Author:
Letsoin Sri Murniani Angelina,Guth David,Herak David,Purwestri Ratna Chrismiari
Abstract
Abstract
Maize (Zea mays L.) is one of the essential agricultural products in Papua Province of Indonesia, specifically in the three largest maize producing regions, namely Nabire Regency, Biak Numfor Regency and Merauke Regency, with the number of productions of 991 tons, 764 tons, and 751 tons respectively in 2015. Unfortunately, since 2016 the secondary data on food crops productivity, including maize, has not been provided yet in the provinces statistical report, due to manual estimation methods, i.e., visual estimation. On the other side, the number of populations in this Province has a slight increase, from 2.97 million people in 2012 to 3.38 million in 2019. Further, approximately 1.20 million people are employed in the agricultural sector. Considerable population growth will intensify the demand for food stock and other utilization of food crops in this region; hence, relevant research in food crops needs to be considered. One of the dominant factors in the yield potential of maize is plant height, since it is associated with fertilizer, seed, and soil treatment and predicts yield area. Therefore, this study aims to analyse the plant height, particularly maize plant based on a digital surface model (DSM) derived from Unmanned Aerial Vehicle (UAV) Red Green Blue (RGB) images. The crop was monitored during the second and third week of January 2022 and then, processed using pix4d Mapper software to produce the DSM, Digital Terrain Model (DTM), and orthomosaic.

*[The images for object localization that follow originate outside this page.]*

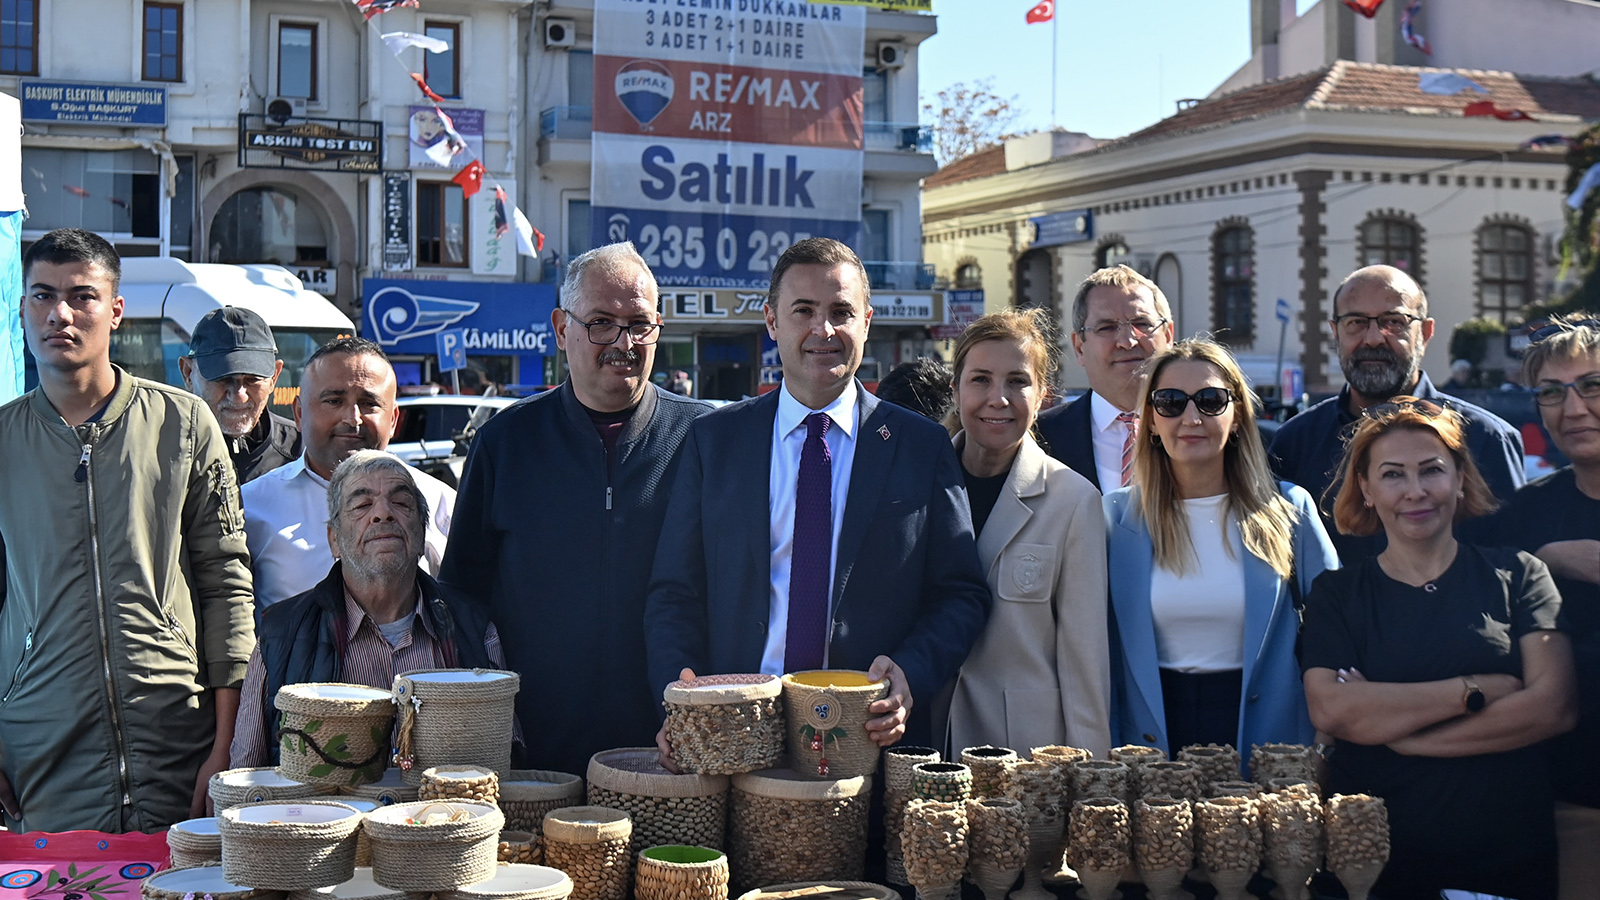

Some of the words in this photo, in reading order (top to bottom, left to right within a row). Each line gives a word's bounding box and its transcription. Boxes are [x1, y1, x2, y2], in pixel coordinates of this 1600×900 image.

[646, 9, 655, 25] 3
[661, 11, 707, 29] ADET
[753, 18, 805, 38] DAİRE
[646, 31, 655, 46] 3
[661, 32, 707, 50] ADET
[753, 39, 804, 59] DAİRE
[25, 86, 64, 100] BAŞKURT
[66, 87, 105, 102] ELEKTRİK
[107, 88, 163, 105] MÜHENDİSLİK
[623, 76, 667, 91] RE/MAX
[689, 70, 820, 111] RE/MAX
[689, 111, 732, 132] ARZ
[253, 134, 303, 147] AŞKIN
[308, 138, 345, 149] TOST
[640, 144, 815, 209] Satılık
[639, 224, 706, 269] 235
[716, 227, 738, 271] 0
[444, 334, 457, 357] P

Then, the Geographical Information System (GIS) software, and an open-source software, namely Python were used to estimate the plant height. Next, the results were assessed statistically to examine the validation, the strong correlation coefficient of the estimation to the actual height that obtained from UAV and ground-based plant height data. The findings will help to support the prior decision support on estimation of maize production in Papua Province.